Raúl Castro, conscient que la corruption n’épargne pas les hauts-fonctionnaires, a envoyé un message clair aux responsables de tous les secteurs : « Il faut mettre un terme définitif au mensonge et à la tromperie dans la conduite des cadres, de tout niveau ». De manière plus insolite, il s’est appuyé sur deux des dix commandements bibliques pour illustrer son propos : « Tu ne voleras point » et « tu ne mentiras point ». De la même manière, il a évoqué les trois principes éthiques et moraux de la civilisation Inca : « ne pas mentir, ne pas voler, ne pas être paresseux », lesquels doivent guider la conduite de tous les responsables de la nation[13]. En effet, le marché noir est alimenté par le détournement massif de marchandises importées par l’Etat et implique forcément de hauts dirigeants.
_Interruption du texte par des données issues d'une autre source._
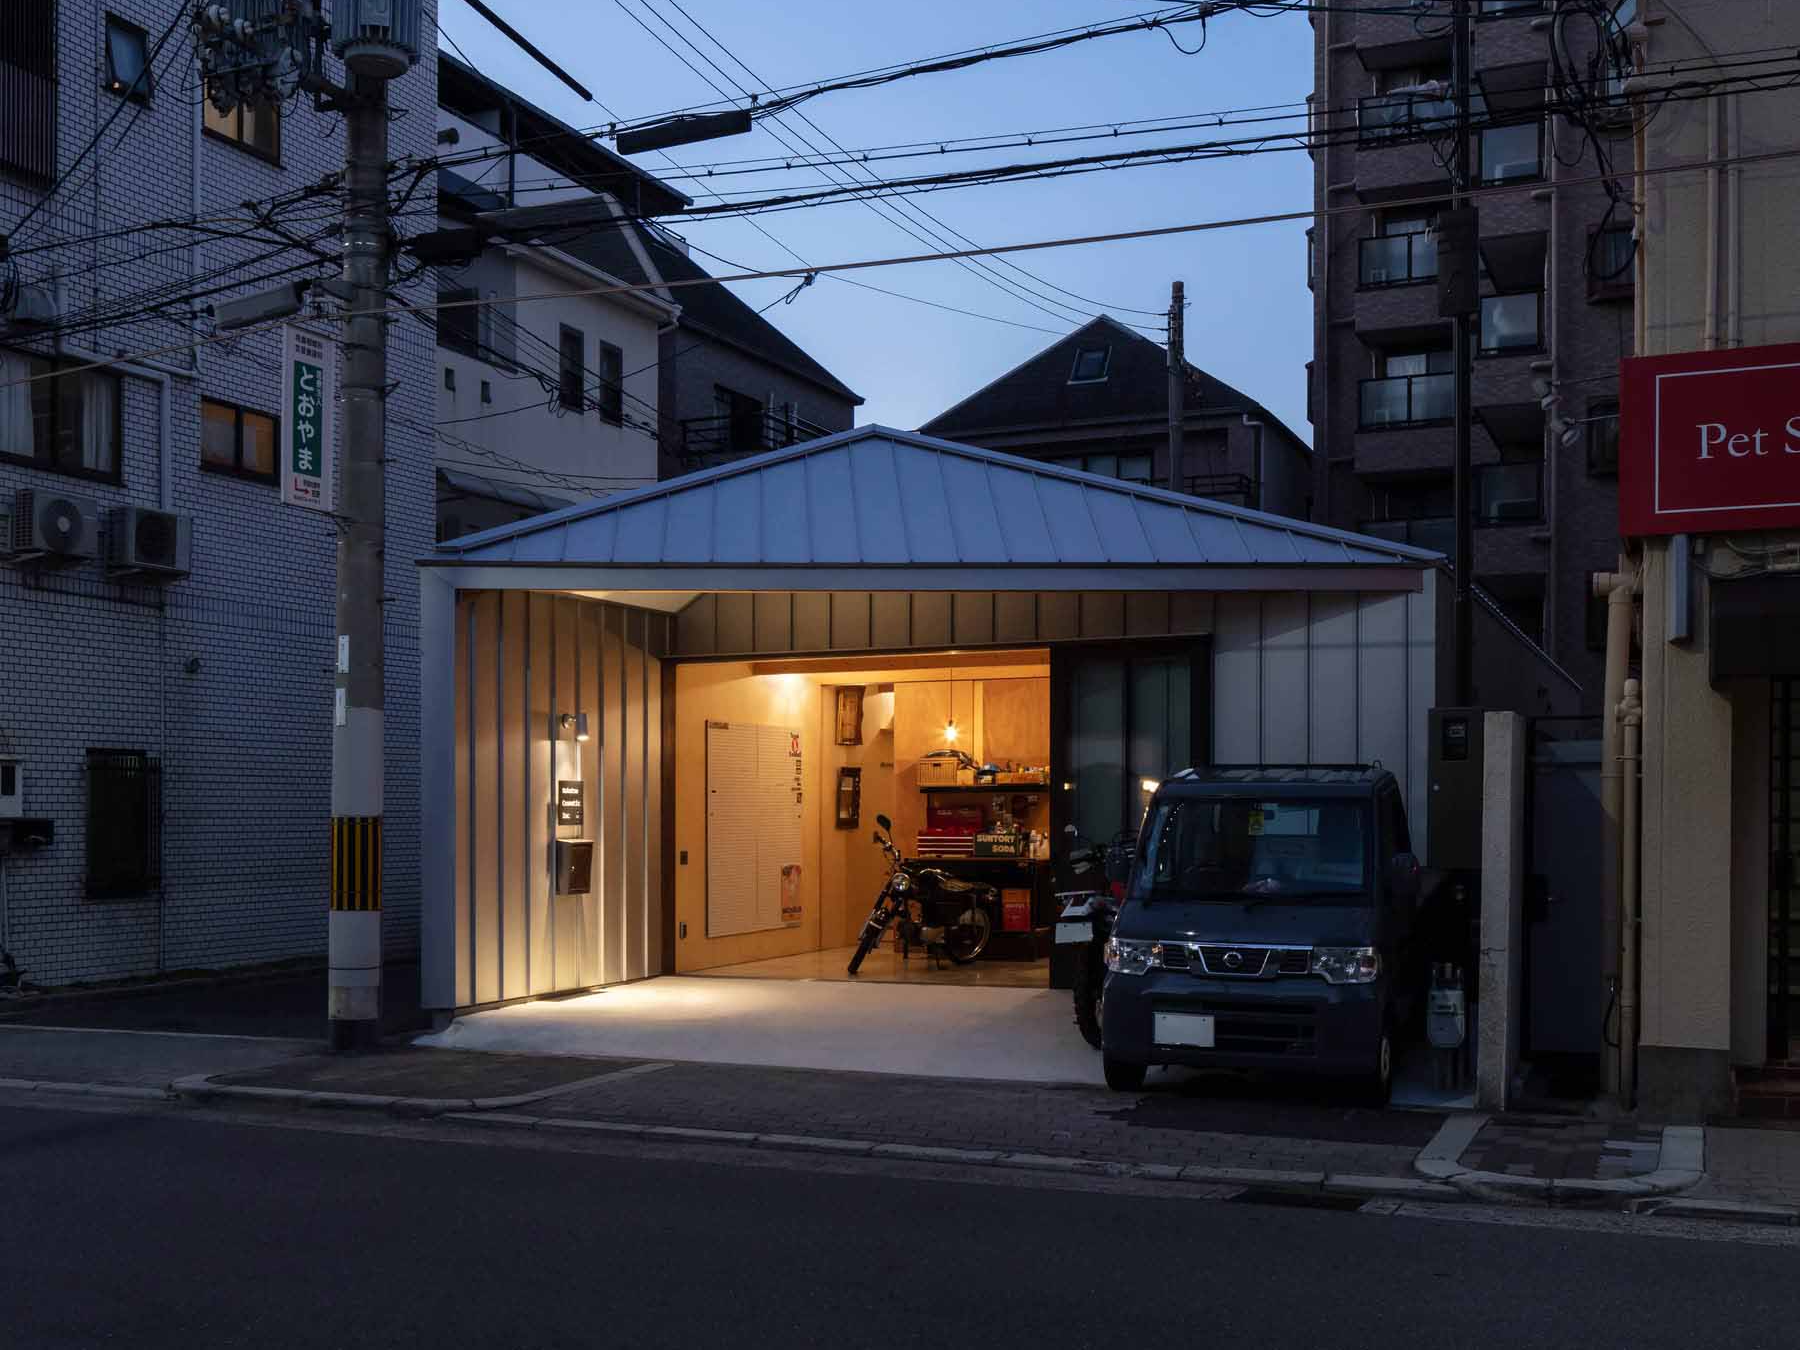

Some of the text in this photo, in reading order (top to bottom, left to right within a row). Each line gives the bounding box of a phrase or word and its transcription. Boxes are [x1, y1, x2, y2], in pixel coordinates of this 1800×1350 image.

[297, 364, 316, 471] とおやま
[1695, 422, 1769, 460] Pet
[991, 844, 1016, 854] SODA
Raúl Castro a été explicite à ce sujet : « Face aux violations de la Constitution et de la légalité établie, il n’y a d’autres alternatives que de recourir au Procureur et aux Tribunaux, comme nous avons déjà commencé à le faire, pour exiger des responsabilités aux contrevenants, quels qu’ils soient, car tous les Cubains, sans exception, sommes égaux devant la loi[14] ».

Gladys Berejano, vice-présidente du Conseil d’Etat et responsable de la lutte anticorruption du gouvernement cubain, a reconnu que le combat contre les malversations restait un défi majeur et l’une des grandes priorités nationales. Selon un récent audit réalisé en 2011, à peine 46% des entités publiques évaluées à Cuba présentaient un bilan acceptable. Dans le reste des agences et entreprises d’Etat, les administrateurs ont falsifié les livres de comptes afin de détourner des articles vers le marché noir, avec la complicité des experts-comptables chargés d’évaluer la santé financière de la structure[15].

L’affaire Esteban Morales est édifiante dans la mesure où elle permet de faire la lumière sur la lutte entre les forces obscures et conservatrices toujours présentes au sein du Parti Communiste Cubain et ses secteurs plus critiques et progressistes. Dans un article publié sur le site Internet de l’Union nationale des écrivains et artistes de Cuba (UNEAC), Esteban Morales, économiste et membre du Parti communiste cubain à la réputation honorable, spécialiste de la question du racisme et des relations avec les Etats-Unis, avait mis en garde en avril 2011 contre le principal danger qui menaçait le processus révolutionnaire cubain : la corruption. Il avait dénoncé l’enrichissement illicite de certains haut-fonctionnaires et membres du gouvernement sans citer de noms, les accusant de préparer le transfert des biens publics entre des mains privées, en cas de chute du régime, dans un processus similaire à ce qui s’était passée dans l’ex Union Soviétique. « Il est indéniable que la contrerévolution prend peu à peu des positions à certains niveaux de l’Etat et du gouvernement ». Il avait cité en exemple la distribution récente de terres en usufruit et les nombreux cas de « fraudes, illégalités, favoritismes, lenteur bureaucratiques » qui se sont ensuivis, ainsi que d’autres cas de hauts-fonctionnaires qui se sont rendus coupables de détournements de fonds et ont ouvert des comptes bancaires à l’étranger[16].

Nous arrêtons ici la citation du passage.